Victoria: Sexually Abusive Behaviour Treatment Services
Incorporates 12 funded services in every region of Victoria, ensuring that the program has a broad and consistent capability across the state. In Victoria, Therapeutic Treatment Orders (TTOs) are engaged for children aged 10 – 14 years who have exhibited sexually abusive behaviour. The Services treat children who have received TTOs as well as children who voluntarily engage with the Services (including children under 10, and up to 18).

Queensland: Griffith Youth Forensic Service
Has limited capacity and geographical reach compared to Victoria.

Other jurisdictions treat child-to-child sexual abuse through generalist counselling services. While some programs are rolled out in the context of a criminal punishment, others are voluntary in nature, whereby a child (and/or their family/carer) will opt for treatment if their behaviour has been flagged. This encompasses children under 10 who are too young to be considered criminally responsible.
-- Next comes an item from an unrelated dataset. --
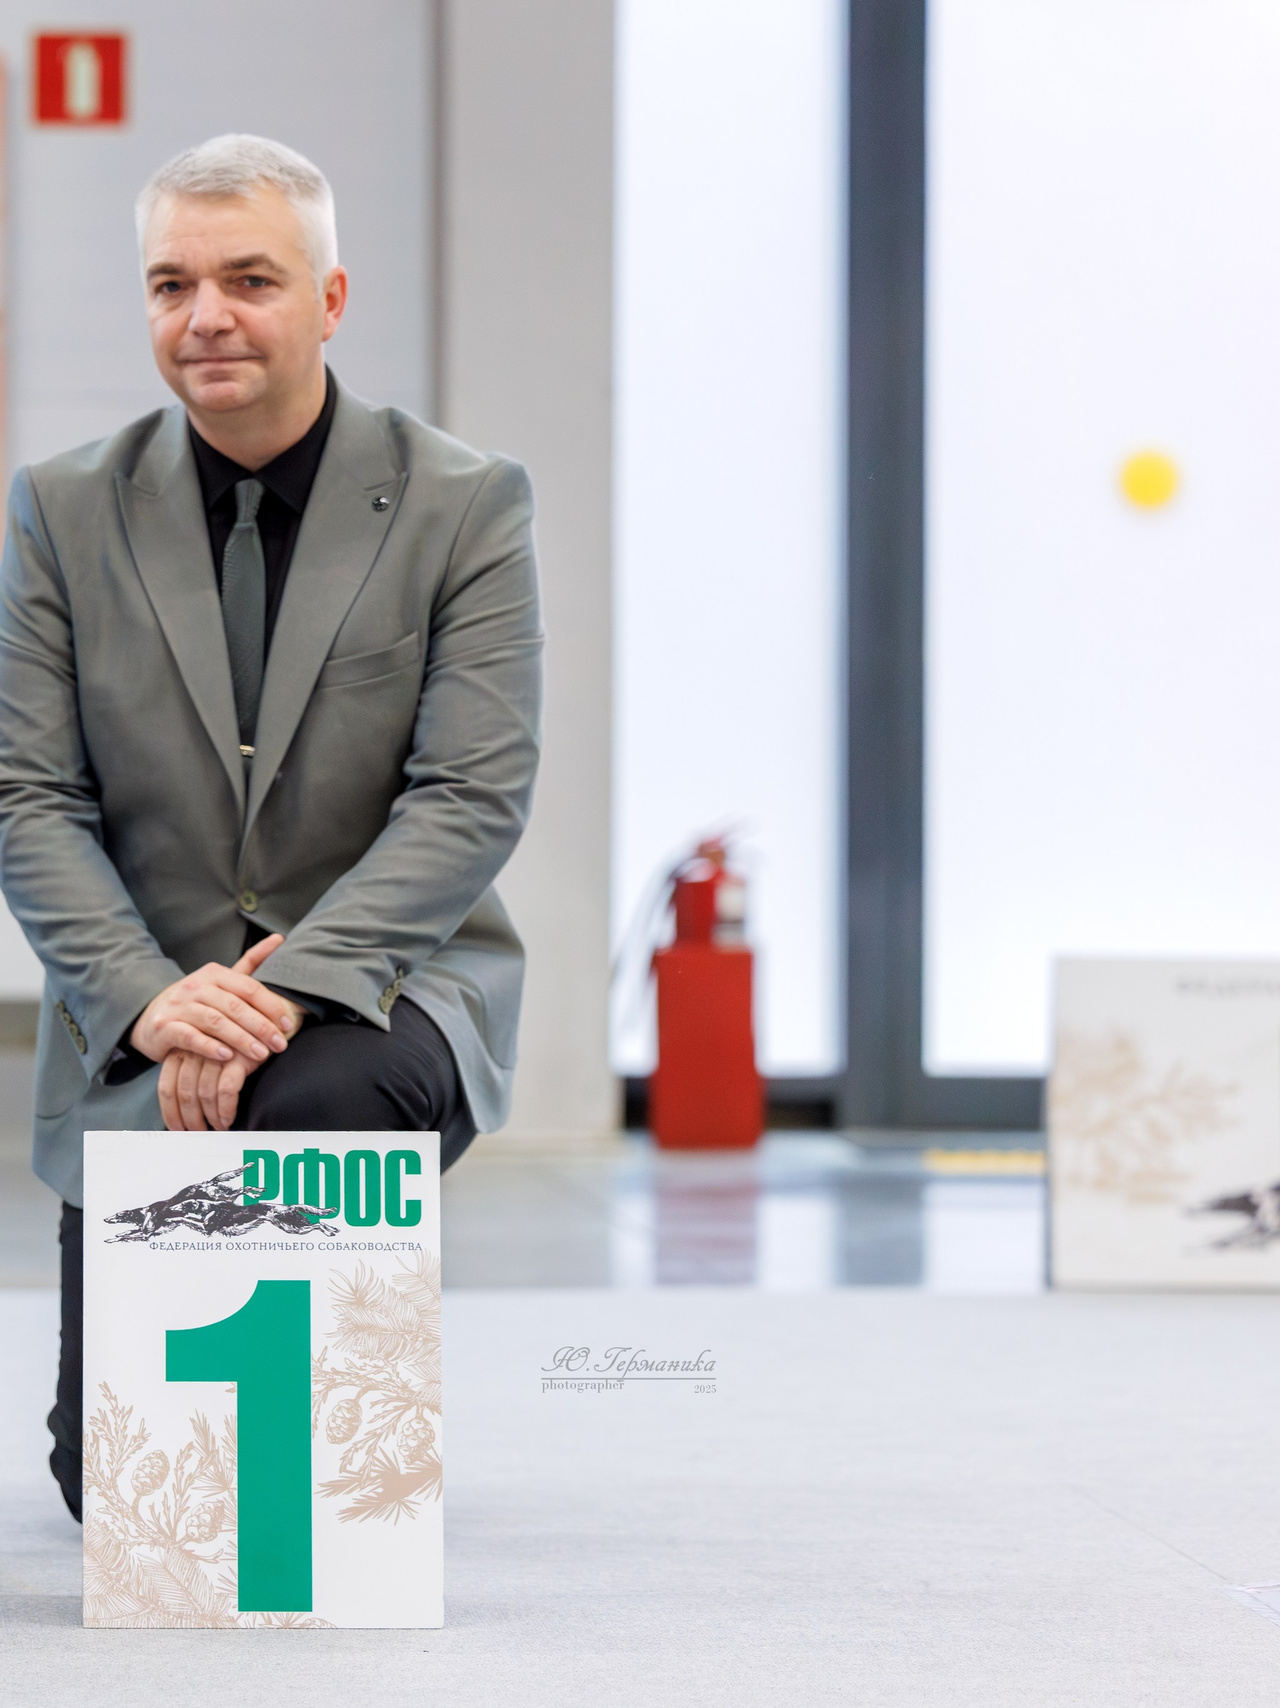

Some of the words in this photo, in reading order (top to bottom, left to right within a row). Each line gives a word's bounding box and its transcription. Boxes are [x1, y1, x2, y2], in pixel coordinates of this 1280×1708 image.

Generalist programs in states without specialist services may not have sufficient skill to respond adequately to such children and their families. The expertise required to effectively reduce recidivism is a fairly unique skill set, and without appropriate support, carers are forced to shoulder the majority of the burden of caring for children in this situation. According to the OOHC Consultation Paper “this can contribute to the breakdown of the placement”. Furthermore, not all programs are adequately prepared to deal with the particular perspectives of children from an ATSI background, a migrant background, or children who have a disability.

The consistent failure of Australian governments and service providers to record and respond to the incidence of child-to-child sexual abuse has resulted in significant levels of child-to-child sexual abuse in OOHC. This also represents a failure to abide by our central obligation under the UN Convention on the Rights of the Child, encapsulated in Article 3, which implores organisations concerned with children to work towards their best interests.  It is hoped that the implementation of some of the measures discussed throughout the public hearing will ultimately see improvements in the rate of child-to-child abuse in OOHC and produce more positive outcomes for the thousands of children placed in child protection arrangements every year. The Royal Commission is expected to release a report into child sexual abuse in OOHC in early 2016 based on the evidence tendered at their public hearing into OOHC. It is hoped that this report will continue to fuel improvements in the improvement of training and services for both children and carers and the placement of children in the nurturing environment they are entitled to as a child. 

As a first step to rectifying some of the problems in this area, State governments should commit to publishing annual data on the reports of sexual abuse in OOHC, and how those reports have been responded to.  OOHC providers should also ensure they are provided with full background information on all their contracted carers and children before implementing any care arrangements to ensure that they are able to make informed decisions about where vulnerable children should be placed.

Meena Mariadassou and Georgia Feltis, Summer Clerks, King & Wood Mallesons.